§ **SOURCE MATERIAL**:
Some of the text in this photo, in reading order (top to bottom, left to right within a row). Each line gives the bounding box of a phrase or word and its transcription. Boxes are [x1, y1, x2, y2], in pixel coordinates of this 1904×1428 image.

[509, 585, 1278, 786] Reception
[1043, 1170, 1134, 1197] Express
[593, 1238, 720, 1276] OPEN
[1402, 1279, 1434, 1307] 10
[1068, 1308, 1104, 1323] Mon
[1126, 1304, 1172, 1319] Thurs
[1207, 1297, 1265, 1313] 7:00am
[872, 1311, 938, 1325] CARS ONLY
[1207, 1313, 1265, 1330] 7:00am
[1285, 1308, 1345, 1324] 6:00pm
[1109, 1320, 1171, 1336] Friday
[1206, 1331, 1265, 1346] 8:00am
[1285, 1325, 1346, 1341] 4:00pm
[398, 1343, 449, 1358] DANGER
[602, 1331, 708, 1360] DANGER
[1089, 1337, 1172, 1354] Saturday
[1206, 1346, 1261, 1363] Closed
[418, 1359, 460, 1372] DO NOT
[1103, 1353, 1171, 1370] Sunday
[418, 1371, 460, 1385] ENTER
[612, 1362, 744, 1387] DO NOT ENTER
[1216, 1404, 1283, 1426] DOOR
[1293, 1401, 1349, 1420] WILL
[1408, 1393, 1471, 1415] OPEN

§ **DIRECTIONS**: Please output the material above exactly as it reads.

§ **WRITTEN RESPONSE**:
Some of the text in this photo, in reading order (top to bottom, left to right within a row). Each line gives the bounding box of a phrase or word and its transcription. Boxes are [x1, y1, x2, y2], in pixel coordinates of this 1904×1428 image.

[509, 585, 1278, 786] Reception
[1043, 1170, 1134, 1197] Express
[593, 1238, 720, 1276] OPEN
[1402, 1279, 1434, 1307] 10
[1068, 1308, 1104, 1323] Mon
[1126, 1304, 1172, 1319] Thurs
[1207, 1297, 1265, 1313] 7:00am
[872, 1311, 938, 1325] CARS ONLY
[1207, 1313, 1265, 1330] 7:00am
[1285, 1308, 1345, 1324] 6:00pm
[1109, 1320, 1171, 1336] Friday
[1206, 1331, 1265, 1346] 8:00am
[1285, 1325, 1346, 1341] 4:00pm
[398, 1343, 449, 1358] DANGER
[602, 1331, 708, 1360] DANGER
[1089, 1337, 1172, 1354] Saturday
[1206, 1346, 1261, 1363] Closed
[418, 1359, 460, 1372] DO NOT
[1103, 1353, 1171, 1370] Sunday
[418, 1371, 460, 1385] ENTER
[612, 1362, 744, 1387] DO NOT ENTER
[1216, 1404, 1283, 1426] DOOR
[1293, 1401, 1349, 1420] WILL
[1408, 1393, 1471, 1415] OPEN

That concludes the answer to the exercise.